Exercise: A picture-free, exact copy of all the records below is the goal.

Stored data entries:
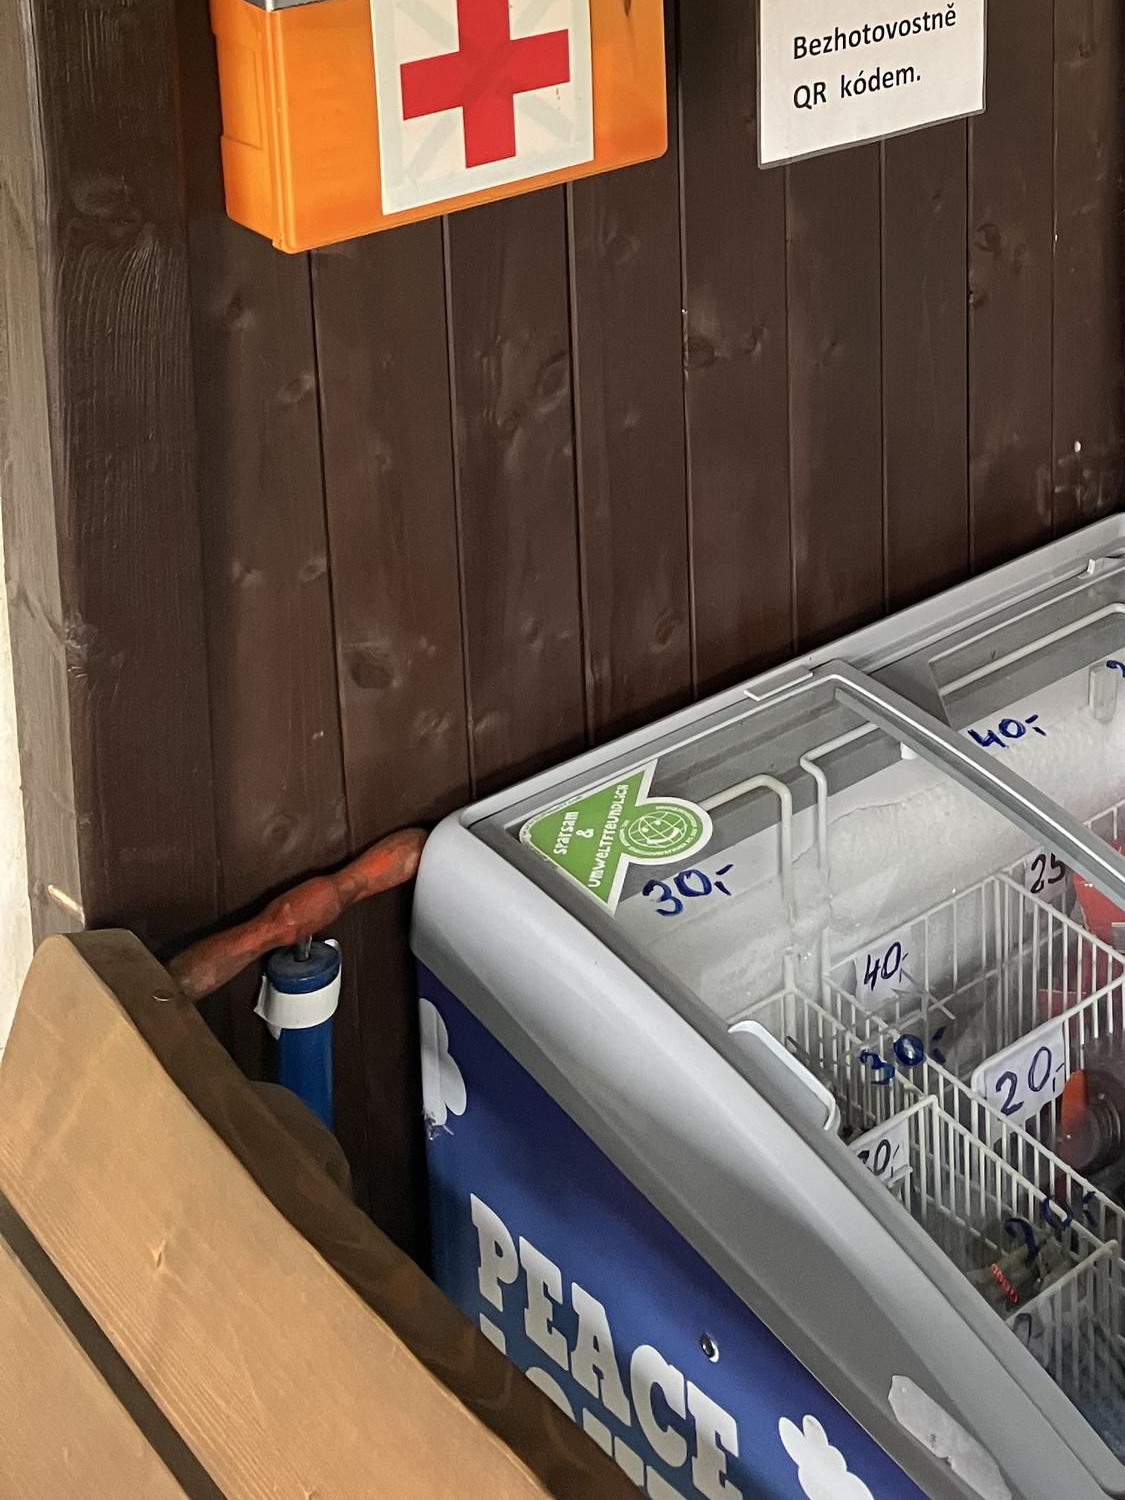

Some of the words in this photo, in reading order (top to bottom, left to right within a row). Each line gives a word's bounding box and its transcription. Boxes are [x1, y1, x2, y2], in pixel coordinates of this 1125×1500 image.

[792, 3, 957, 59] Bezhotovostně
[793, 81, 827, 109] QR
[840, 65, 921, 99] kódem.
[576, 828, 594, 839] &
[470, 1192, 743, 1500] PEACE

Result of the task:
Some of the words in this photo, in reading order (top to bottom, left to right within a row). Each line gives a word's bounding box and its transcription. Boxes are [x1, y1, x2, y2], in pixel coordinates of this 1125×1500 image.

[792, 3, 957, 59] Bezhotovostně
[793, 81, 827, 109] QR
[840, 65, 921, 99] kódem.
[576, 828, 594, 839] &
[470, 1192, 743, 1500] PEACE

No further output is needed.